Thanks, and then congrats again on the progress.

Brian Roberts
Chief Medical Officer, Rezolute

Thank you.

Operator

Our next question is a follow-up from the line of Michelle Gilson with Canaccord. Please go ahead.

Speaker 8

Hi, Michael here again. Thanks for taking a follow-up. Just a quick question on RZ358. Obviously a pretty good safety profile. Did you notice any immunogenicity? How does that profile look like?

Brian Roberts
Chief Medical Officer, Rezolute

We're still analyzing. Well, accruing and then we'll be analyzing the anti-drug antibody data from the study. We don't have those data yet. However, we've done ADA assessments in earlier studies, have never seen any positive ADA levels in the clinical or in the non-clinical setting.

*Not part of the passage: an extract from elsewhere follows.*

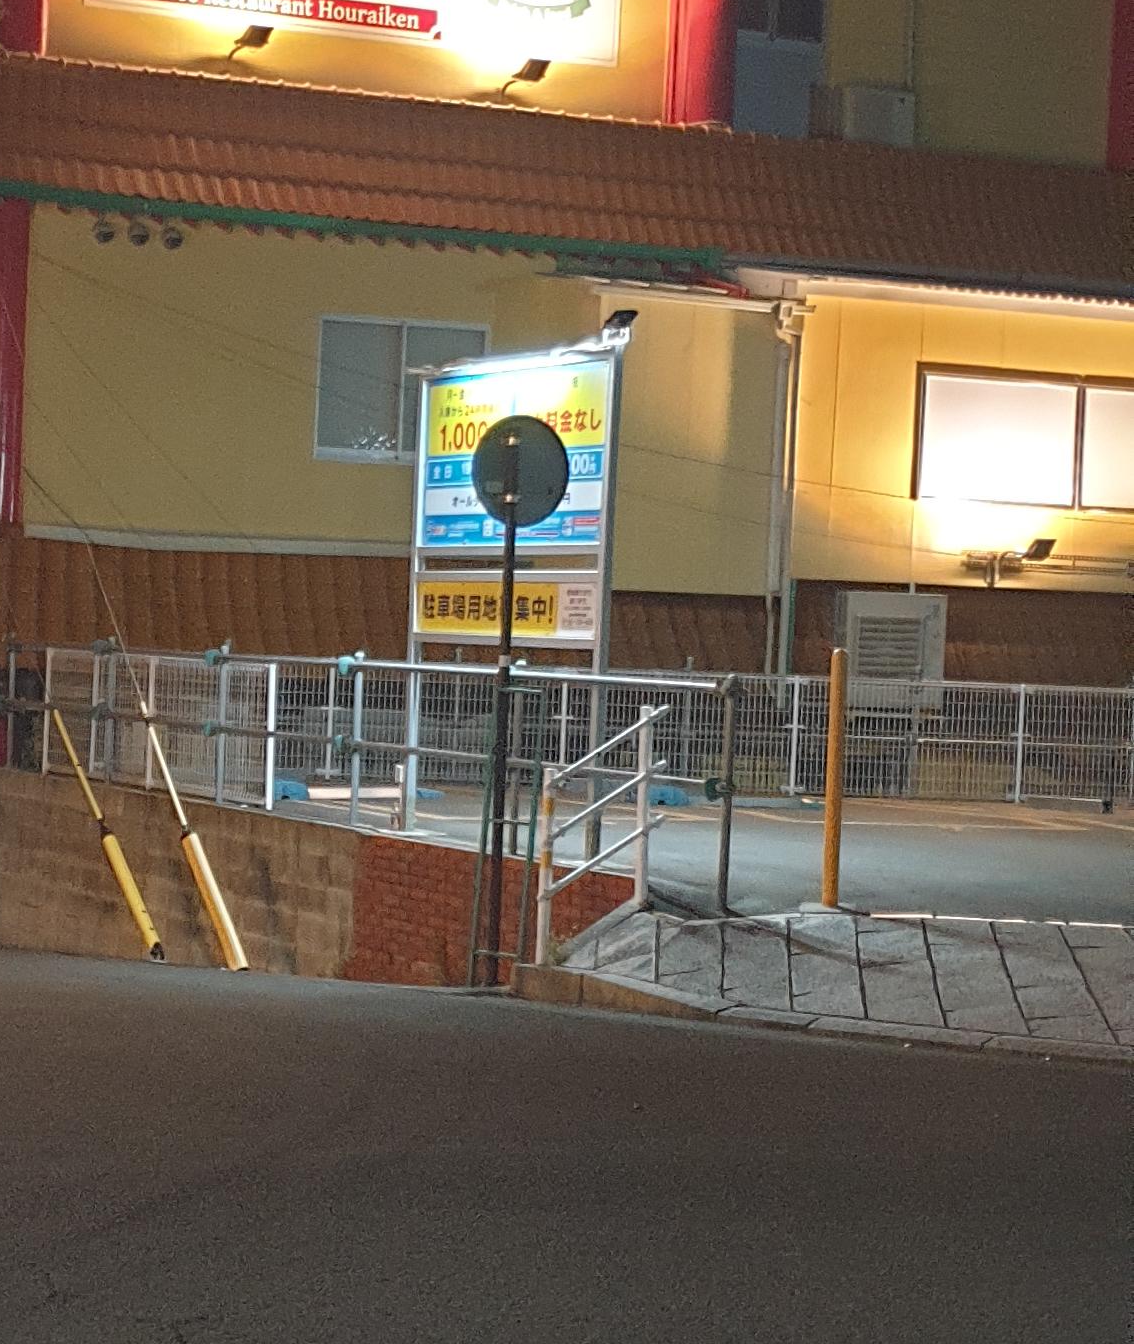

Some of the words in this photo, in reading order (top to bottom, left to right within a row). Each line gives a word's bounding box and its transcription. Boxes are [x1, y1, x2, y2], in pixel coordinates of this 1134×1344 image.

[317, 0, 420, 31] Houraiken
[535, 407, 602, 434] 料金なし
[422, 593, 555, 625] 駐車場用地集中!

Based on the pharmacokinetics from the RISE study as well as the glucose effects, I don't predict any development of ADAs or neutralizing ADAs because we haven't seen a decrement in the drug concentrations or the efficacy. Then the last point I would make on that question is a priori, RZ358 as an IgG2 and one that is cleared into the cell at the insulin-dependent target tissues, would have a low risk going in for immunogenicity.

What we did monitor very closely in the study were injection site reactions, both locally and systemically, and we also didn't see anything of concern in those assessments.

Speaker 8

Excellent. Thanks again.

Operator

At this time, we are showing no further audio questions, so I'd like to turn back to Nevan Elam.

Nevan Elam
Founder and CEO, Rezolute

Thank you. Thank you everyone for joining us today to receive an update on the business. Thank you as well for the series of very thoughtful questions. We look forward to updating you on our progress as we continue making strides to elevate the standard of care. Thanks again.

Operator

The conference has now concluded, and we thank you for attending today's presentation. You may now disconnect your lines.